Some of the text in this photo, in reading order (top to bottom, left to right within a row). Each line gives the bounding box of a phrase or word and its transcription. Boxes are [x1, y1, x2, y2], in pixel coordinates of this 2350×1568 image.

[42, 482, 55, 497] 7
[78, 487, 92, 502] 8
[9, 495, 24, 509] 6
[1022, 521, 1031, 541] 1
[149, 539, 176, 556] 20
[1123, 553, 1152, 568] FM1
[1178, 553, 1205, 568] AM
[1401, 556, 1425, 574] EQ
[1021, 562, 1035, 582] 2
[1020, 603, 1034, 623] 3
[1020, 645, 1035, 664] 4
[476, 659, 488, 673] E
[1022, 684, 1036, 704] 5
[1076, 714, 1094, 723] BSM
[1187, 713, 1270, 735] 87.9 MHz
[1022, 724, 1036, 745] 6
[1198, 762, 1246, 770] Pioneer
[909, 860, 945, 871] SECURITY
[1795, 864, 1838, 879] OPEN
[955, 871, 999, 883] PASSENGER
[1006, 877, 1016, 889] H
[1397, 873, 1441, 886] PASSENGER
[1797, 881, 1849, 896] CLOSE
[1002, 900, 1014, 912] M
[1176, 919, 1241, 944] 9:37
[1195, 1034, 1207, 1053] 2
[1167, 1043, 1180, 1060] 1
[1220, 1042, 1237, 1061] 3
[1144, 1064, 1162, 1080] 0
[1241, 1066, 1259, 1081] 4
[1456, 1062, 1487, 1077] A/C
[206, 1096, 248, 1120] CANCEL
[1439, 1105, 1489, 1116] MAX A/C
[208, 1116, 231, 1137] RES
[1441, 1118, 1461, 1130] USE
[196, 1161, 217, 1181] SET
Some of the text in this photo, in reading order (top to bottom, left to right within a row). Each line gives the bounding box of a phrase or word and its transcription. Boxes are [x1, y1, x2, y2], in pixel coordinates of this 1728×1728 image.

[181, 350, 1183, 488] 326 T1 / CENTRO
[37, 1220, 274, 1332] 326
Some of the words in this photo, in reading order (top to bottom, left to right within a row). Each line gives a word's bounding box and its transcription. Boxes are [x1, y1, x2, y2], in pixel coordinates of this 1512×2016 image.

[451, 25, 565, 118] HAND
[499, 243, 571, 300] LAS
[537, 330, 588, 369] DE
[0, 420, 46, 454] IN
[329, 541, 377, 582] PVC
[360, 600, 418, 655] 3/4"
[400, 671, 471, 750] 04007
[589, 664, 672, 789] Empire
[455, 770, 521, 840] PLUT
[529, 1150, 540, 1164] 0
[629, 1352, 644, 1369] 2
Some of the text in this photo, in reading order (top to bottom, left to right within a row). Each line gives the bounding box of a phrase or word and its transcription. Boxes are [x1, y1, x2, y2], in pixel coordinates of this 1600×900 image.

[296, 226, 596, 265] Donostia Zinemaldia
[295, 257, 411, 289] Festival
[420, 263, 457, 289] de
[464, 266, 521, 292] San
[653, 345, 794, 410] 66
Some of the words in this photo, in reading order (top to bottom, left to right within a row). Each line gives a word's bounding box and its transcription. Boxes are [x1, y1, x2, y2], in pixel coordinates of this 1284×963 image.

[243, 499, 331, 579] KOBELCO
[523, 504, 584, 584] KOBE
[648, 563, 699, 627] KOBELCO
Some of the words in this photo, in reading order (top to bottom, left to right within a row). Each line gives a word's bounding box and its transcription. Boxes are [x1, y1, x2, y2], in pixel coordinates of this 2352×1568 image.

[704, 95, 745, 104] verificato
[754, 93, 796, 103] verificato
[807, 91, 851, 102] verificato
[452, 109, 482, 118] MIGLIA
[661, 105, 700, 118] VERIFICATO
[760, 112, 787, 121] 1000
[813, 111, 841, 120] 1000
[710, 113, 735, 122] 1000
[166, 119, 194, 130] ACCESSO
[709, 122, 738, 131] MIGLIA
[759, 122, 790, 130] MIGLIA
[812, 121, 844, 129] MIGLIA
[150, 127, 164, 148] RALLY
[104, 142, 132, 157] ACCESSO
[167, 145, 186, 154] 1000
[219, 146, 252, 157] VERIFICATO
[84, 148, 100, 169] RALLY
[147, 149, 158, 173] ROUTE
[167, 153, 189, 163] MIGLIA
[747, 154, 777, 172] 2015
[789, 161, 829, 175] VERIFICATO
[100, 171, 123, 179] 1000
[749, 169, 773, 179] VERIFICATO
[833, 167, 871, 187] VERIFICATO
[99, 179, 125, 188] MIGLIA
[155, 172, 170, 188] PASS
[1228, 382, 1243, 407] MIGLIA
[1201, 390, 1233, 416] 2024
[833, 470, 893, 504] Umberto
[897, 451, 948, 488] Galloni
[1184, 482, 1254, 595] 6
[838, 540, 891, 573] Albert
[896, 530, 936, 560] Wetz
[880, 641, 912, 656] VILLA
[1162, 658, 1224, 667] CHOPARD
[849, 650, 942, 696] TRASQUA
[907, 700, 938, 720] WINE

·····

Leaving each word as it is, reproduce all the material.

Some of the text in this photo, in reading order (top to bottom, left to right within a row). Each line gives the bounding box of a phrase or word and its transcription. Boxes are [x1, y1, x2, y2], in pixel coordinates of this 2350×1568 image.

[42, 482, 55, 497] 7
[78, 487, 92, 502] 8
[9, 495, 24, 509] 6
[1022, 521, 1031, 541] 1
[149, 539, 176, 556] 20
[1123, 553, 1152, 568] FM1
[1178, 553, 1205, 568] AM
[1401, 556, 1425, 574] EQ
[1021, 562, 1035, 582] 2
[1020, 603, 1034, 623] 3
[1020, 645, 1035, 664] 4
[476, 659, 488, 673] E
[1022, 684, 1036, 704] 5
[1076, 714, 1094, 723] BSM
[1187, 713, 1270, 735] 87.9 MHz
[1022, 724, 1036, 745] 6
[1198, 762, 1246, 770] Pioneer
[909, 860, 945, 871] SECURITY
[1795, 864, 1838, 879] OPEN
[955, 871, 999, 883] PASSENGER
[1006, 877, 1016, 889] H
[1397, 873, 1441, 886] PASSENGER
[1797, 881, 1849, 896] CLOSE
[1002, 900, 1014, 912] M
[1176, 919, 1241, 944] 9:37
[1195, 1034, 1207, 1053] 2
[1167, 1043, 1180, 1060] 1
[1220, 1042, 1237, 1061] 3
[1144, 1064, 1162, 1080] 0
[1241, 1066, 1259, 1081] 4
[1456, 1062, 1487, 1077] A/C
[206, 1096, 248, 1120] CANCEL
[1439, 1105, 1489, 1116] MAX A/C
[208, 1116, 231, 1137] RES
[1441, 1118, 1461, 1130] USE
[196, 1161, 217, 1181] SET
Some of the text in this photo, in reading order (top to bottom, left to right within a row). Each line gives the bounding box of a phrase or word and its transcription. Boxes are [x1, y1, x2, y2], in pixel coordinates of this 1728×1728 image.

[181, 350, 1183, 488] 326 T1 / CENTRO
[37, 1220, 274, 1332] 326
Some of the words in this photo, in reading order (top to bottom, left to right within a row). Each line gives a word's bounding box and its transcription. Boxes are [x1, y1, x2, y2], in pixel coordinates of this 1512×2016 image.

[451, 25, 565, 118] HAND
[499, 243, 571, 300] LAS
[537, 330, 588, 369] DE
[0, 420, 46, 454] IN
[329, 541, 377, 582] PVC
[360, 600, 418, 655] 3/4"
[400, 671, 471, 750] 04007
[589, 664, 672, 789] Empire
[455, 770, 521, 840] PLUT
[529, 1150, 540, 1164] 0
[629, 1352, 644, 1369] 2
Some of the text in this photo, in reading order (top to bottom, left to right within a row). Each line gives the bounding box of a phrase or word and its transcription. Boxes are [x1, y1, x2, y2], in pixel coordinates of this 1600×900 image.

[296, 226, 596, 265] Donostia Zinemaldia
[295, 257, 411, 289] Festival
[420, 263, 457, 289] de
[464, 266, 521, 292] San
[653, 345, 794, 410] 66
Some of the words in this photo, in reading order (top to bottom, left to right within a row). Each line gives a word's bounding box and its transcription. Boxes are [x1, y1, x2, y2], in pixel coordinates of this 1284×963 image.

[243, 499, 331, 579] KOBELCO
[523, 504, 584, 584] KOBE
[648, 563, 699, 627] KOBELCO
Some of the words in this photo, in reading order (top to bottom, left to right within a row). Each line gives a word's bounding box and its transcription. Boxes are [x1, y1, x2, y2], in pixel coordinates of this 2352×1568 image.

[704, 95, 745, 104] verificato
[754, 93, 796, 103] verificato
[807, 91, 851, 102] verificato
[452, 109, 482, 118] MIGLIA
[661, 105, 700, 118] VERIFICATO
[760, 112, 787, 121] 1000
[813, 111, 841, 120] 1000
[710, 113, 735, 122] 1000
[166, 119, 194, 130] ACCESSO
[709, 122, 738, 131] MIGLIA
[759, 122, 790, 130] MIGLIA
[812, 121, 844, 129] MIGLIA
[150, 127, 164, 148] RALLY
[104, 142, 132, 157] ACCESSO
[167, 145, 186, 154] 1000
[219, 146, 252, 157] VERIFICATO
[84, 148, 100, 169] RALLY
[147, 149, 158, 173] ROUTE
[167, 153, 189, 163] MIGLIA
[747, 154, 777, 172] 2015
[789, 161, 829, 175] VERIFICATO
[100, 171, 123, 179] 1000
[749, 169, 773, 179] VERIFICATO
[833, 167, 871, 187] VERIFICATO
[99, 179, 125, 188] MIGLIA
[155, 172, 170, 188] PASS
[1228, 382, 1243, 407] MIGLIA
[1201, 390, 1233, 416] 2024
[833, 470, 893, 504] Umberto
[897, 451, 948, 488] Galloni
[1184, 482, 1254, 595] 6
[838, 540, 891, 573] Albert
[896, 530, 936, 560] Wetz
[880, 641, 912, 656] VILLA
[1162, 658, 1224, 667] CHOPARD
[849, 650, 942, 696] TRASQUA
[907, 700, 938, 720] WINE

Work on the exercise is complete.